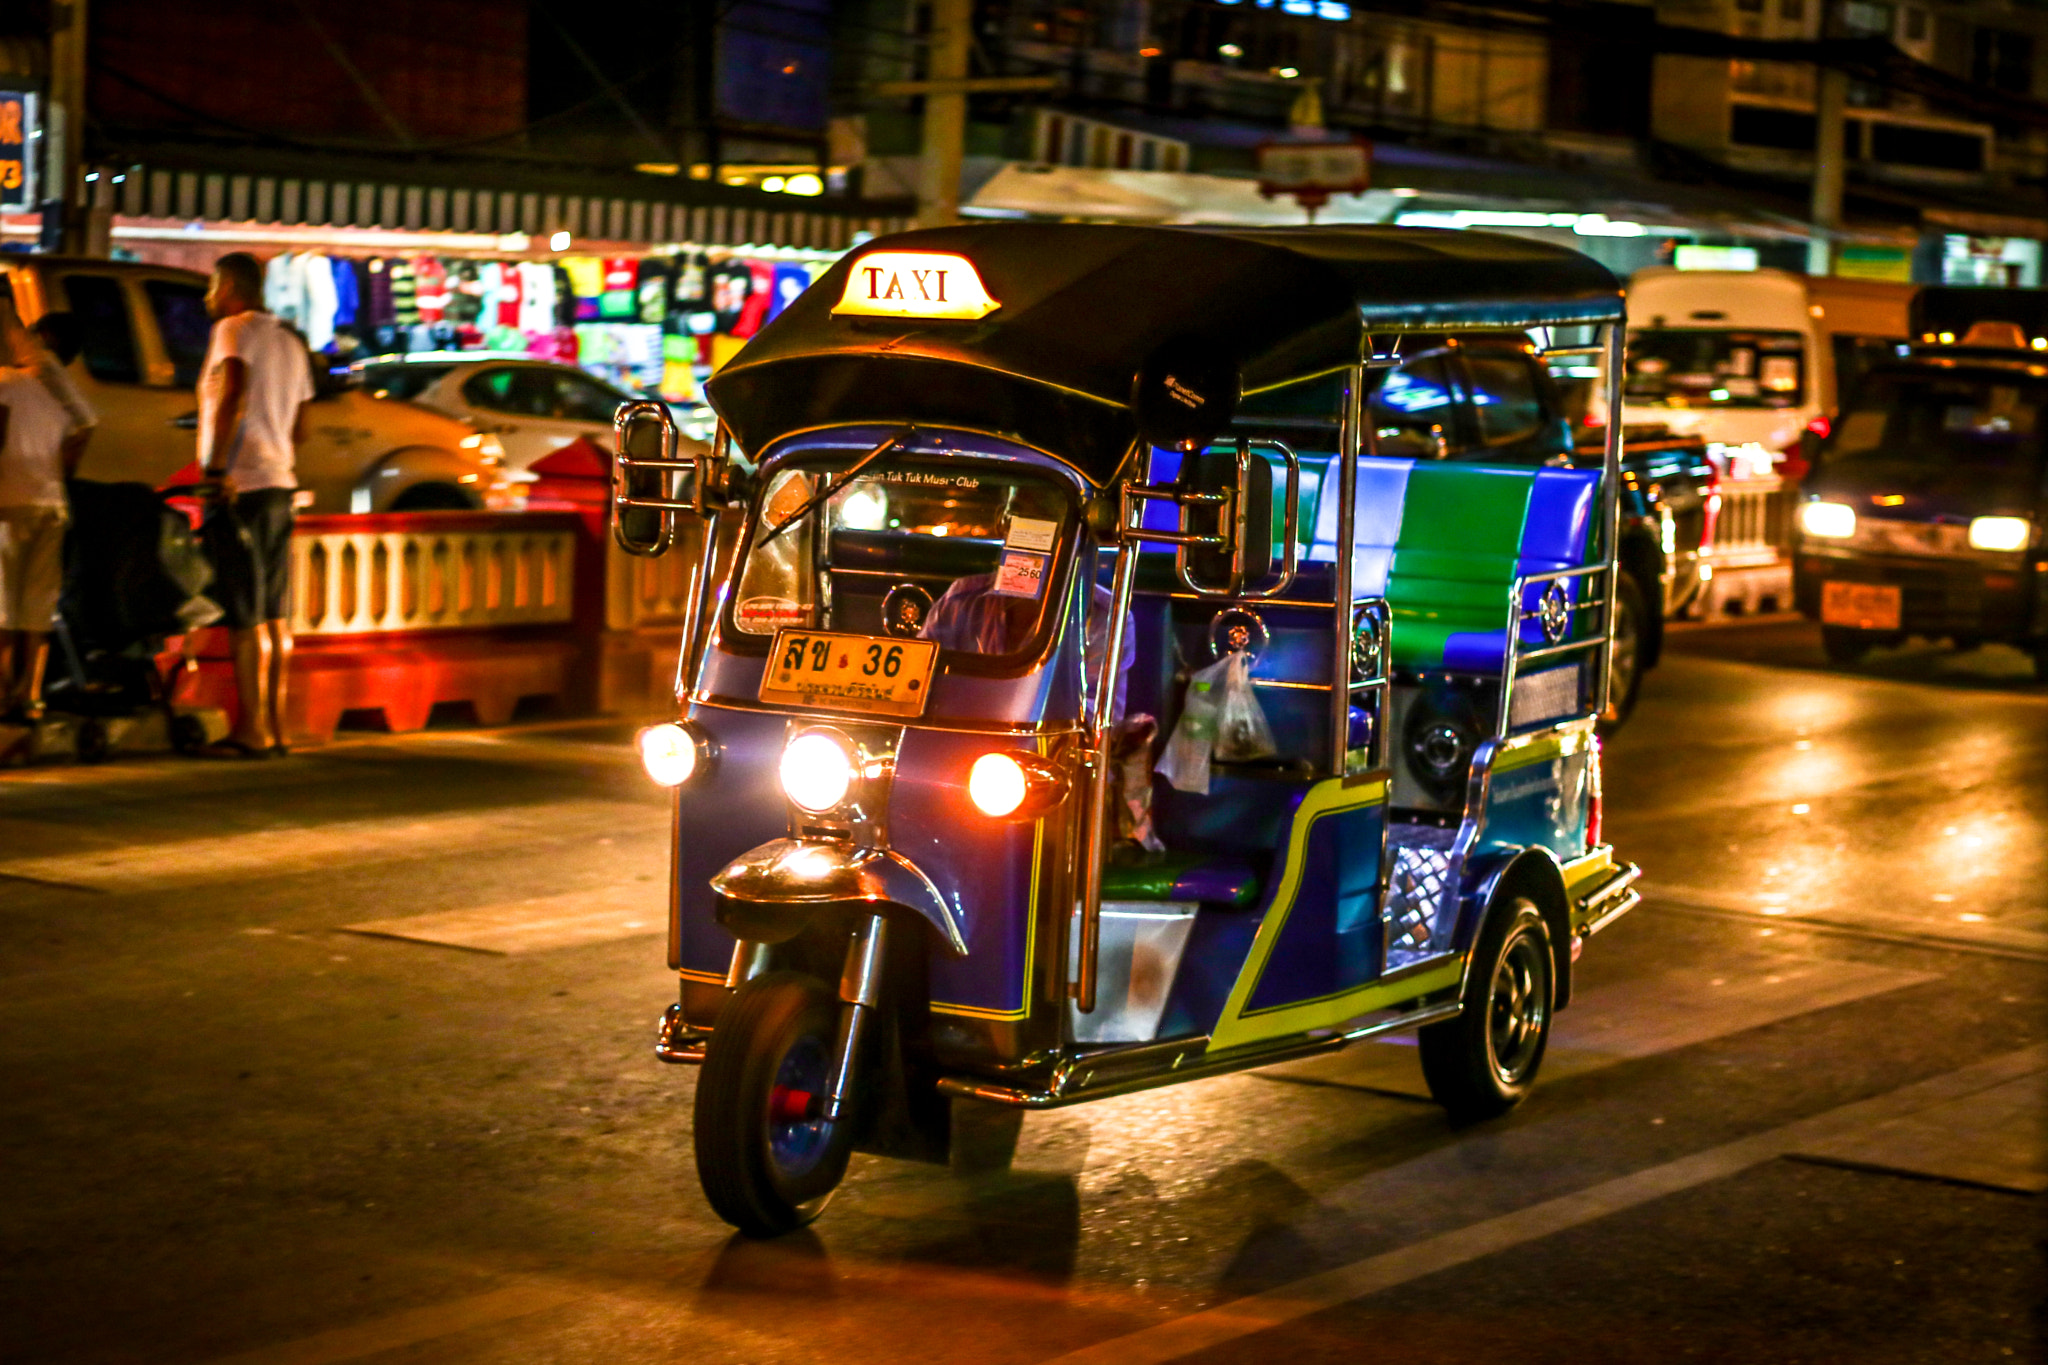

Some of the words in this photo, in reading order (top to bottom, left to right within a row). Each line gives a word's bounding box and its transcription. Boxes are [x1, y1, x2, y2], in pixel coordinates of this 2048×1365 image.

[862, 266, 948, 302] TAXI
[887, 471, 902, 482] Tuk
[905, 472, 921, 483] Tuk
[956, 476, 979, 488] Club
[862, 644, 903, 677] 36

▶ ASSIGNMENT:
Pictures stay out; everything else in the listing above is to be repeated exactly.

▶ RESULT OF THIS EXERCISE:
Some of the words in this photo, in reading order (top to bottom, left to right within a row). Each line gives a word's bounding box and its transcription. Boxes are [x1, y1, x2, y2], in pixel coordinates of this 2048×1365 image.

[862, 266, 948, 302] TAXI
[887, 471, 902, 482] Tuk
[905, 472, 921, 483] Tuk
[956, 476, 979, 488] Club
[862, 644, 903, 677] 36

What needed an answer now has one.